Video relighting offers immense creative potential and commercial value, yet remains hindered by three persistent challenges: severe light flickering, the degradation of fine-grained detail, and the absence of an adequate evaluation metric.
We introduce Hi-Light, a novel, plug-and-play framework that delivers high-fidelity, high-resolution video relighting through three technical innovations: a lightness-prior anchored guided relighting diffusion that stabilises intermediate relit video, a Hybrid Motion-Adaptive Lighting Smoothing Filter that leverages optical flow to ensure temporal stability without motion blur, and a LAB-based Detail Fusion module that preserves high-frequency information from the original video.
To address the evaluation gap, we further propose the Light Stability Score — the first quantitative metric designed specifically to measure lighting consistency over time. Hi-Light significantly outperforms state-of-the-art methods in both qualitative and quantitative comparisons, producing stable, highly detailed relit videos.
The only method capable of processing high-resolution video on a single GPU, extending accessibility to a wider community of users without specialised hardware or paired-light datasets.
A lightness-prior–anchored progressive fusion scheme paired with HMA-LSF (flicker removal) and LAB-DF (texture restoration). Drop-in to any video diffusion backbone.
The Light Stability Score — the first quantitative metric for lighting consistency — complements standard fidelity metrics, with 95.6% rank-1 agreement against a 30-rater blind human study.
Hi-Light decouples the problem: generate stable lighting on a downsampled latent, then project it back onto the high-resolution source. Each module surgically targets one failure mode of existing SOTA.

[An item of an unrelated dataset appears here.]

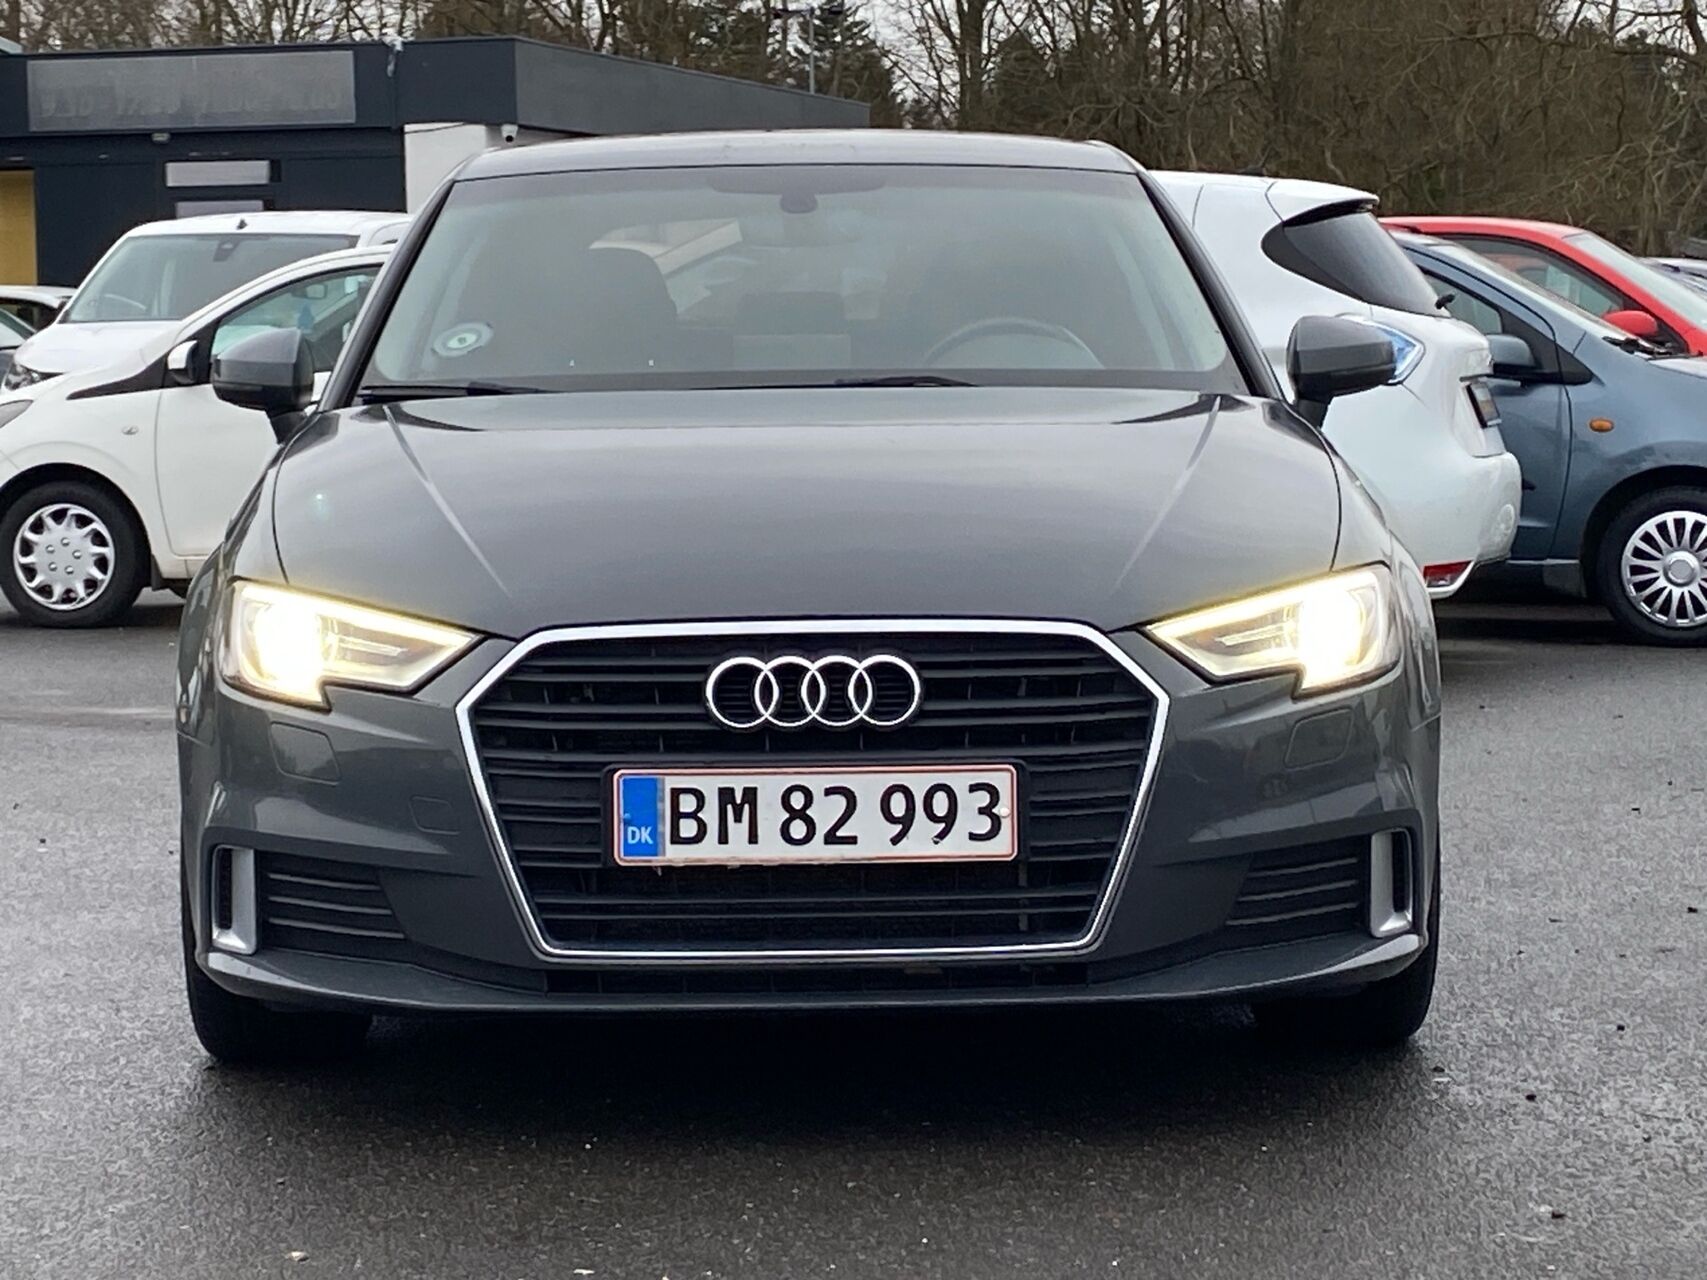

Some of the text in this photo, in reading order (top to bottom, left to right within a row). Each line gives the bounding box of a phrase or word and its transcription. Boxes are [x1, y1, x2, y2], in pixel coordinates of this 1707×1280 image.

[669, 782, 1001, 846] BM 82 993
[627, 826, 654, 844] DK

A static, DC-insensitive residual extracted from the input's L channel is injected at every diffusion step (γ = 0.3), damping low-to-mid-frequency luminance oscillations without drifting global brightness.
An optical-flow-aware motion-adaptive blend (Farneback, CPU-only) cancels flicker on stable regions while a bilateral filter removes residual compression noise — without smearing fast-moving objects.
Inverts the transfer: the input's L carries the detail, only the low-frequency illumination from the relit L is added back. The relit chroma (A, B) preserves the new colour. No afterimages.
Evaluated on 100 clips spanning 1080p–2160p, 81 frames at 24 fps, indoor / outdoor, static / dynamic, portrait / environment. Hyperparameters fixed across all comparisons.
| Model | SSIM ↑ | LPIPS ↓ | FID ↓ | VBench ↑ | SLS ↑ |
|---|---|---|---|---|---|
| TC-Light | 0.484 | 0.464 | 120 | 0.718 | 0.281 |
| LAV (AnimateDiff) | 0.552 | 0.434 | 241 | 0.714 | 0.098 |
| LAV (CogVideoX) | 0.597 | 0.402 | 133 | 0.736 | 0.267 |
| LAV (Wan) | 0.604 | 0.395 | 135 | 0.728 | 0.279 |
| Hi-Light ★ | 0.943 | 0.247 | 76 | 0.736 | 0.509 |
Table 01 · Quantified comparison against open-source SOTA. Hi-Light achieves the best score on every metric — the largest margin appearing on SSIM (+56%) and Light Stability (+80%).